Questa frase la diceva un amico di mio nonno tanti, ma proprio tanti anni fa e così ci è stata riportata, ironicamente, da mio padre. Era un modo di dire riferito al fatto che la povertà era un qualcosa esistito da sempre e che non si capiva perché adesso i poveri protestassero, quasi pensando di poter cambiare qualcosa. Non so se abbia avuto parte nella mia formazione, o se semplicemente il caso mi ha portato a lottare per far sì che questi “poareti” un giorno potessero stare meglio. Ma c’era anche un aspetto di ineluttabilità delle cose in quella frase; tanti hanno detto che avrebbero lottato per i poveri ma alla fine la situazione non è mai cambiata sul serio. Se guardiamo alle cifre attuali, mai come adesso, con più di un miliardo che soffre la fame, ci rendiamo conto dell’attualità di questa frase. Solo grazie (sic!) all’ultima crisi alimentare, il numero è aumentato di quasi 150 milioni. Quasi centocinquanta milioni in poco più di un anno, e nemmeno questo è servito a smuovere le coscienze della gente.

La tensione morale non c’è, e lo vediamo bene noi in Italia dove non vediamo nessuna tensione per lottare contro le mafie. Malgrado la presenza del papato qui a Roma, al fondo delle cose il sentimento che domina è quello del menefreghismo; finché va avanti per me, perché preoccuparsi degli altri?

Mi guardo attorno dentro quelle mura dove lavoro ogni giorno, e non sento nulla di questa tensione; sento invece chiacchiere della vita che va, delle spese da fare al negozietto qua sotto, di andare al mare il week end o dell’ultima mostra o film, carino, che si è visto. Mai, dico mai, in ventun anni che ci lavoro, che mi sia capitato di sorprendere due persone a discutere, preoccupate, della povertà del mondo, del poco che facciamo e del molto che potremmo fare. La lotta per la sopravvivenza si coniuga come una lotta per l’avanzamento del posto, il che ovviamente implica una attività permanente di sparlare degli altri, potenziali concorrenti.
Fare o non fare nulla non cambia assolutamente niente. Eppure si potrebbe fare, si potrebbe sognare che, grazie a noi, una rivoluzione pacifica, basata sul dialogo, sulla credibilità tecnica, sul dar la voce a chi la voce non ha mai avuto, ecco partire dalle parole che per decenni abbiamo buttato al vento, partire da lì per costruire qualcosa che vada a colpire dove fa male e dove bisogna mettersi a smuovere le montagne.

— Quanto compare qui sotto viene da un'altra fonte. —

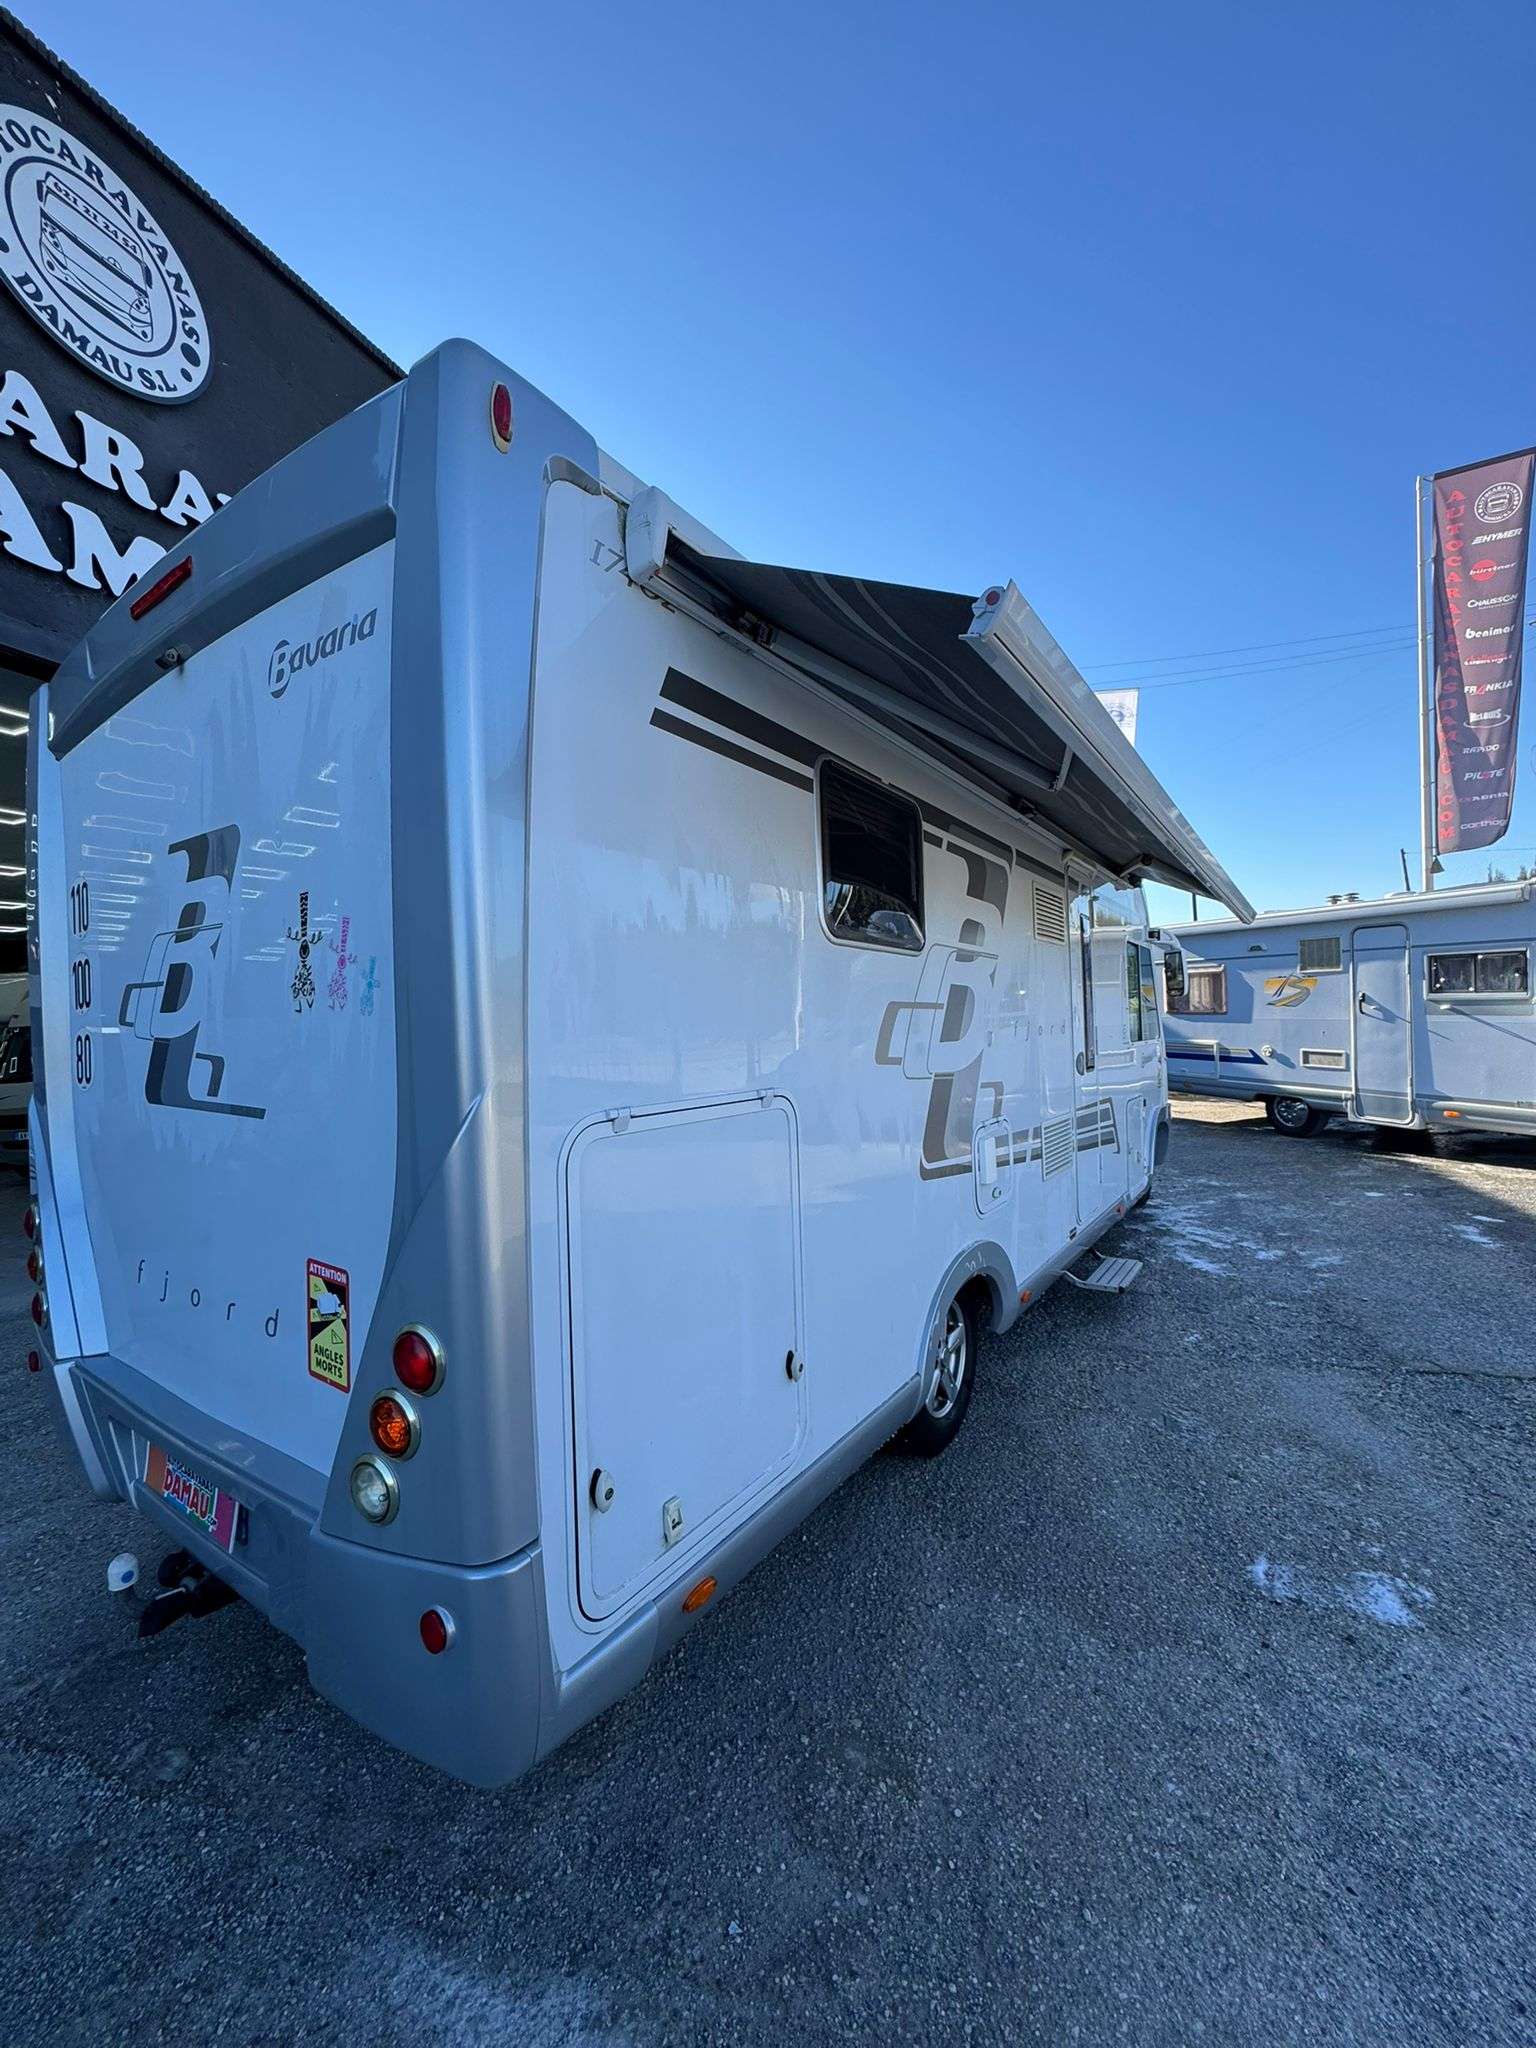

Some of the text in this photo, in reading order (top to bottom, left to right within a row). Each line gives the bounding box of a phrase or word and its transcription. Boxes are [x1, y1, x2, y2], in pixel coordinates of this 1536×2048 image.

[53, 181, 138, 254] 621 21 24 54
[12, 271, 134, 382] DAMAU
[0, 370, 232, 526] ARA
[268, 607, 378, 699] Bavaria
[1465, 625, 1515, 639] benimar
[70, 881, 90, 936] 110
[72, 957, 92, 1011] 100
[75, 1033, 92, 1085] 80
[309, 1262, 347, 1284] ATTENTION
[313, 1343, 344, 1365] ANGLES
[315, 1356, 343, 1379] MORTS
[162, 1466, 212, 1520] DAMAU

Charles Fourier era così sognatore da credere che la gente a cui si rivolgeva, la borghesia illuminata, la gente importante, sarebbero andati da lui a chiedergli cosa si poteva fare; fece pubblicare un annuncio sui principali giornali di Parigi nel 1826 per dire che lui sarebbe stato disponibile, nei giorni settimanali, da mezzogiorno alle due del pomeriggio, al suo indirizzo di casa, per spiegare la sua ricetta per cambiare il mondo. Durò dodici anni, finchè poi morì, ma nessuno, proprio nessuno, di quelli a cui si rivolgeva, si presentò mai a chiedere questi famosi consigli. L’errore era nel credere che chi faceva parte della struttura di potere potesse essere interessato ad abbattere quel sistema che gli provocava tante ricchezze.

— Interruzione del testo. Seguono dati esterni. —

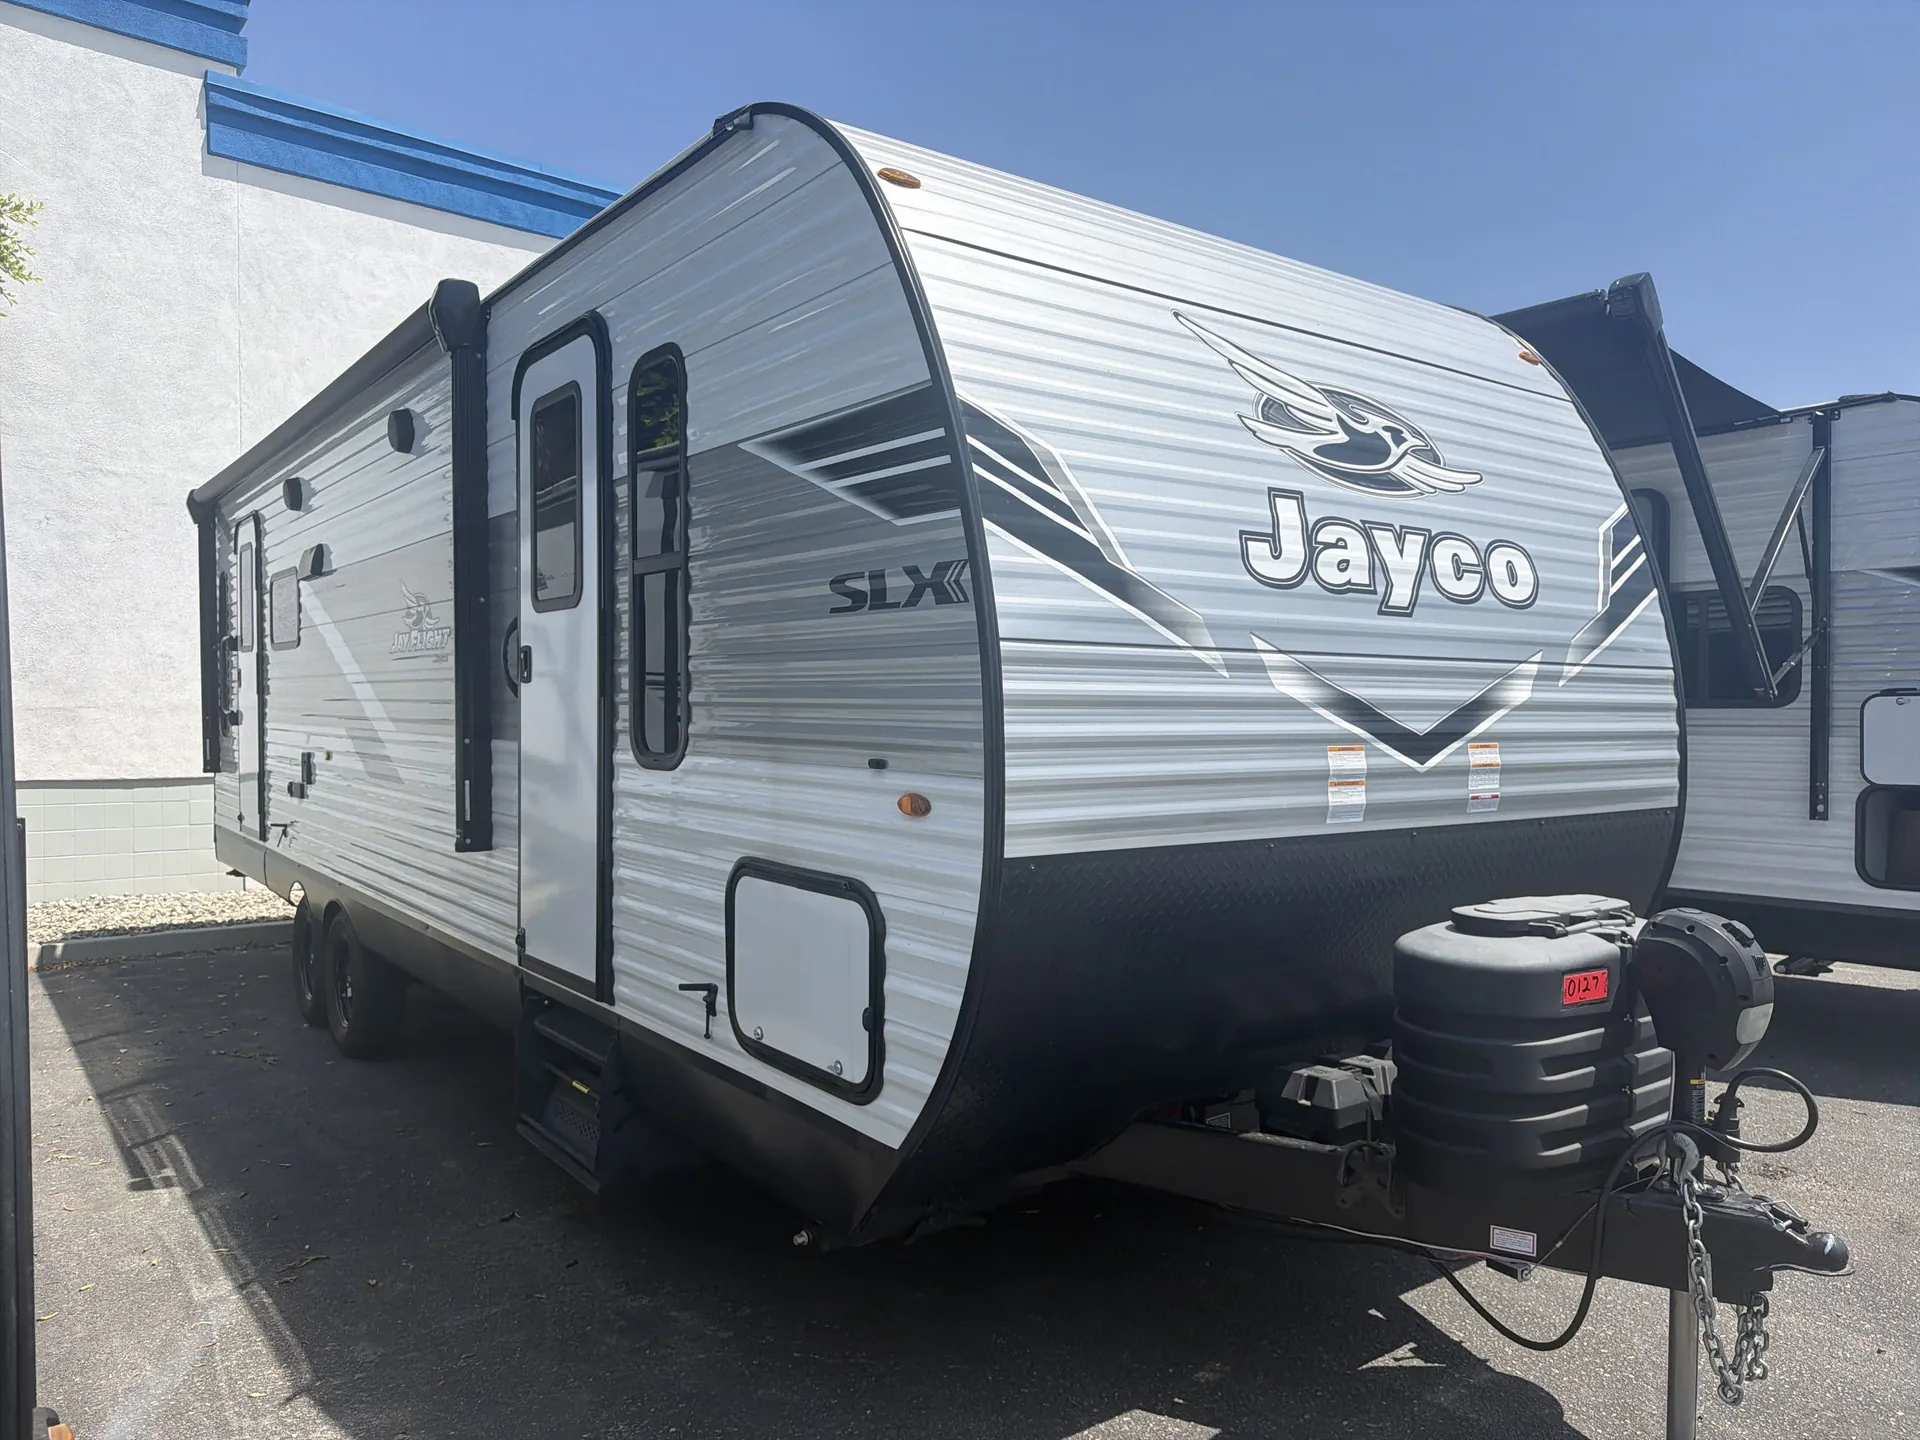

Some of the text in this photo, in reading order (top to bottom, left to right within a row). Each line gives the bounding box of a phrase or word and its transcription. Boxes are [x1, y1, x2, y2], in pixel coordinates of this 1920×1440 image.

Ecco, noi siamo di fronte alle stesse problematiche scelte di Fourier: la povertà tocca la metà della popolazione umana, in un periodo quando, mai come adesso, in questi decenni, la mano invisibile del mercato che ha fatto crescere tanto questa economia mondiale, avrebbe dovuto portare risultati tangibili. Non lo ha fatto e non lo farà, perché si tratta di un meccanismo che funziona per chi i soldi li ha già, chi sta dentro, mentre per chi sta fuori vale sempre l’altro proverbio veneto: schei fa’ schei, peoci fa’ peoci i soldi fanno soldi, i pidocchi fanno solo pidocchi).
Cosa potremmo fare noi, delle nazioni unite, che lavoriamo per una organizzazione che si dice voler lottare per eliminare la fame nel mondo? E perché proprio adesso?

Dobbiamo, e dico dobbiamo, sognare! Mettere degli specchi in tutti gli angoli del nostro edificio, per obbligare tutti noi a guardarci in faccia, a vedere cosa è rimasto dentro di noi della vogli di lottare che avevamo quando siamo entrati. Dovremmo prenderci per mano e cominciare a proporre qualcosa che abbia senso, senza necessariamente pensare in rivoluzioni; dall’alto non verrà mai niente, e lo stato di quei paesi governanti da gverni cosidetti di sinistra, sta lì a dimostrarlo. Sono passati 14 anni oggi, dal massacro dell’ Eldorado dos Carajas, nel Parà, Brasile, dove la polizia dello stato del Parà ha massacrato una ventina di leader contadini provocando emozione nel mondo intero. Ci si rese conto della situazione della campagne brasiliane e l’ emozione fu totale. Adesso dovremmo esser qui a celebrare il fatto che un processo sia stato fatto, che gli assassini siano a marcire in carcere e, soprattutto, che oggi nelle campagne del parà non ci sia più lo schiavismo. Ma non è così, sfortunatamente, se andrete a fare un giro, per le prossime vacanze, nel sud del parà, troverete ancora adesso gli schiavi nelle campagne. Tutti lo sanno, ma loro restano sempre lì.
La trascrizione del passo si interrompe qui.